080482c4 <__libc_start_main@plt>:
80482c4: ff 25 04 a0 04 08 jmp *0x804a004
80482ca: 68 08 00 00 00 push $0x8
80482cf: e9 d0 ff ff ff jmp 80482a4 <_init+0x30>
These three commands are located.plt
Segment instead.text
Segment,.plt
Segment to help complete the dynamic link process. In the next chapter, we will detail the dynamic link process.
main
The most standard function prototype should beint main(int argc, char *argv[])
That is to say, the startup routine will pass two parametersmain
Function. We will explain the meanings of these two parameters after learning the pointer. So farmain
Function prototypeint main(void)
This is also allowed by the C standard.
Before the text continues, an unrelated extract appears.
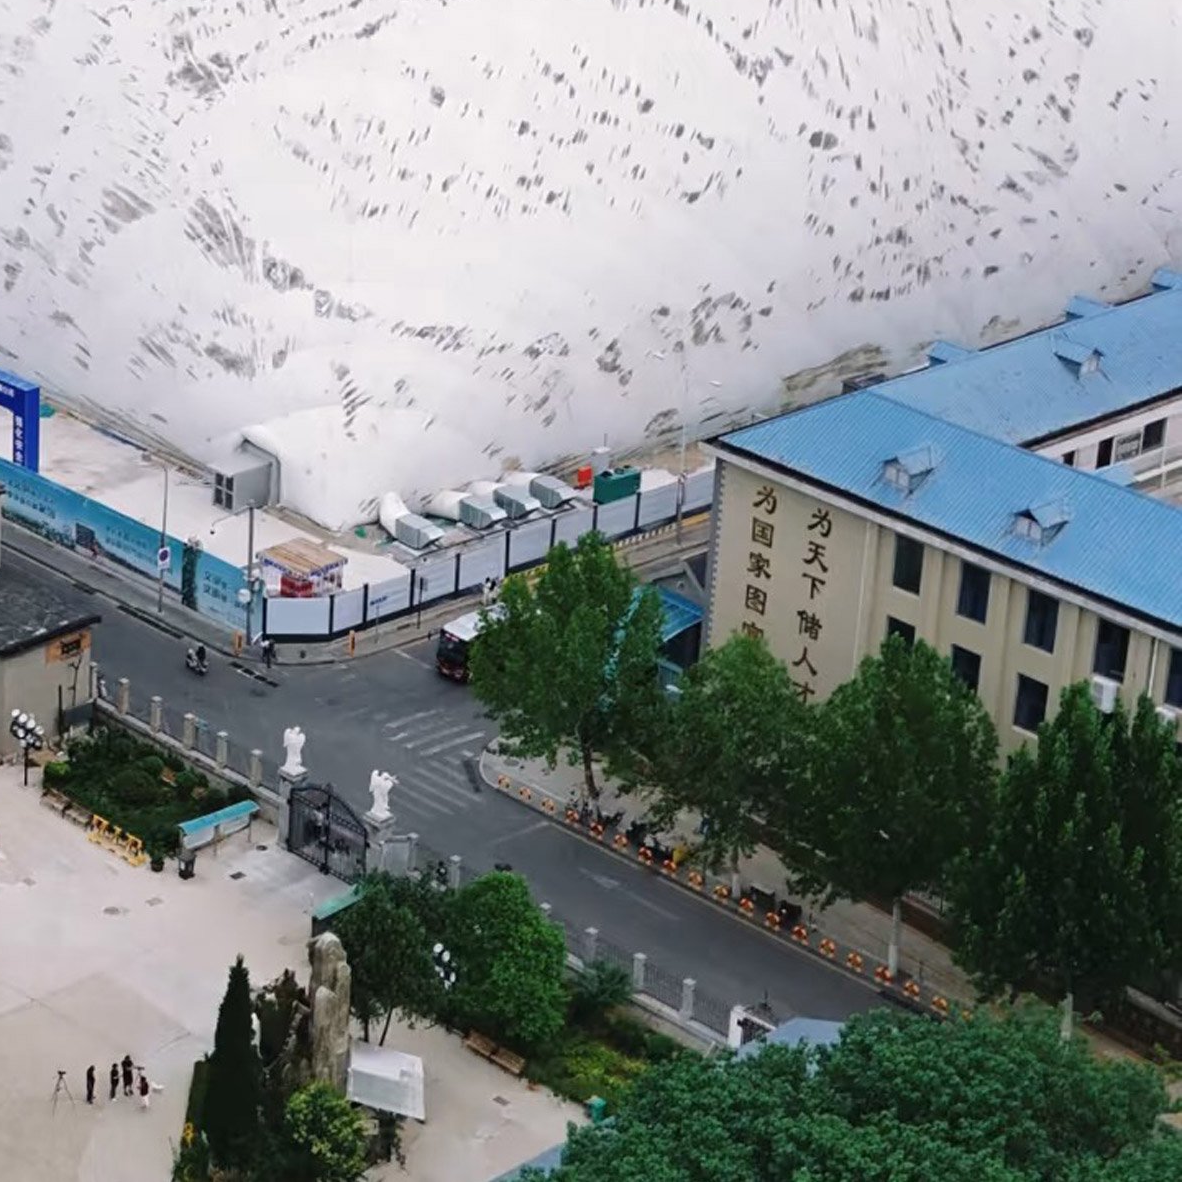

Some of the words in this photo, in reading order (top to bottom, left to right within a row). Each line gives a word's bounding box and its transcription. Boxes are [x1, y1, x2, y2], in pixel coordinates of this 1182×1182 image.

If you carefully analyze the exercises in the previous section, you should know that it is okay to pass more parameters instead of having to use them, if the parameter is missing, a problem occurs.
Becausemain
The function is called by the startup routine.main
Functionreturn
Is still returned to the startup routine,main
The Return Value of the function is obtained by the startup routine. If the startup routine is expressed as an equivalent C code (in fact, the startup routine is generally written directly by sink), it callsmain
The function form is:
exit(main(argc, argv));
That is, the startup routine obtainsmain
After the return value of the function is returned, it is immediately used for parameter calling.exit
Function.exit
Yeslibc
Function in, which first performs some cleanup work, and then calls_exit
System Call termination process,main
The Return Value of the function is finally passed_exit
The system call becomes the exit status of the process. We can alsomain
Direct calls in Functionsexit
The function terminates the process and does not return to the startup routine. For example:
#include <stdlib.h>
int main(void)
{
exit(4);
}
Andint main(void) { return 4; }
The effect is the same. Run the program in shell and check its exit status:
$ ./a.out
$ echo $?
4
By convention, if the exit status is 0, the program is successfully executed, and if the exit status is not 0, an error occurs. Note that the exit status is only 8 bits and is interpreted as the number of unsigned characters by shell. If you change the code aboveexit(-1);
Orreturn -1;
, The running result is
$ ./a.out
$ echo $?
255
Note: If the return value type of a declared function isint
, Each branch control flow in the function must be writtenreturn
Specifies the return value.return
The return value is unknown (think about why). The Compiler usually reports a warning, but if a branch control flow is calledexit
Or_exit
Instead of writingreturn
The compiler is allowed, because it has no chance to return, it doesn't matter if it doesn't specify the return value. Useexit
The function must contain header files.stdlib.h
And use_exit
The function must contain header files.unistd.h
And will be explained in detail later.